__INSTRUCTIONS FOR THE TASK__.
Could you copy exactly the lines from the one containing "this 2212×1659 image." through the last line of the records below, and nothing else?
[[ MATERIAL PROVIDED open ]]
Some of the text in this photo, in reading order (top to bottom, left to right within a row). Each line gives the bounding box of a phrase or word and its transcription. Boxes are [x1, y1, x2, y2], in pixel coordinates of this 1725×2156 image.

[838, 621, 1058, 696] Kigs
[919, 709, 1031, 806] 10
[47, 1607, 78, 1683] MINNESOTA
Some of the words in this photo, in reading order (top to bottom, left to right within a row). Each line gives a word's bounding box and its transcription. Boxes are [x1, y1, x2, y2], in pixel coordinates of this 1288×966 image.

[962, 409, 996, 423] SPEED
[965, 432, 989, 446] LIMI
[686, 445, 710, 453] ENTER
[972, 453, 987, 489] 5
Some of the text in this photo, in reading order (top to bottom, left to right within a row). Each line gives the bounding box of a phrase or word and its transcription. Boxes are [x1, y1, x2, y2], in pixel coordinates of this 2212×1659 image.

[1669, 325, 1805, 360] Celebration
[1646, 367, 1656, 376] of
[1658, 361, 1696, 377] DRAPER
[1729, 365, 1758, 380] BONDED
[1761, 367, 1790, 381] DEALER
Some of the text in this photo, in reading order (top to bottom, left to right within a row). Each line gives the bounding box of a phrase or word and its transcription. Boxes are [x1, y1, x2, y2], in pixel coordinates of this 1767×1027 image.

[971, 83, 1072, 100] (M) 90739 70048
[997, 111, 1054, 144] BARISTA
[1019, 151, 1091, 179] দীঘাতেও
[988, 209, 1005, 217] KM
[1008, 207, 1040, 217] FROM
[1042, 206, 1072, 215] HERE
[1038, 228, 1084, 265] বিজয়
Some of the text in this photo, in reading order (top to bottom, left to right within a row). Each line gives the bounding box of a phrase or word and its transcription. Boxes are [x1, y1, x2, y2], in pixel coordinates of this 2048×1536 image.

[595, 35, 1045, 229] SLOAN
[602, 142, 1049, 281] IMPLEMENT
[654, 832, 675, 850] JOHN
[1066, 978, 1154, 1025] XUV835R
[[ MATERIAL PROVIDED closed ]]
__YOUR SOLUTION__.
Some of the text in this photo, in reading order (top to bottom, left to right within a row). Each line gives the bounding box of a phrase or word and its transcription. Boxes are [x1, y1, x2, y2], in pixel coordinates of this 2212×1659 image.

[1669, 325, 1805, 360] Celebration
[1646, 367, 1656, 376] of
[1658, 361, 1696, 377] DRAPER
[1729, 365, 1758, 380] BONDED
[1761, 367, 1790, 381] DEALER
Some of the text in this photo, in reading order (top to bottom, left to right within a row). Each line gives the bounding box of a phrase or word and its transcription. Boxes are [x1, y1, x2, y2], in pixel coordinates of this 1767×1027 image.

[971, 83, 1072, 100] (M) 90739 70048
[997, 111, 1054, 144] BARISTA
[1019, 151, 1091, 179] দীঘাতেও
[988, 209, 1005, 217] KM
[1008, 207, 1040, 217] FROM
[1042, 206, 1072, 215] HERE
[1038, 228, 1084, 265] বিজয়
Some of the text in this photo, in reading order (top to bottom, left to right within a row). Each line gives the bounding box of a phrase or word and its transcription. Boxes are [x1, y1, x2, y2], in pixel coordinates of this 2048×1536 image.

[595, 35, 1045, 229] SLOAN
[602, 142, 1049, 281] IMPLEMENT
[654, 832, 675, 850] JOHN
[1066, 978, 1154, 1025] XUV835R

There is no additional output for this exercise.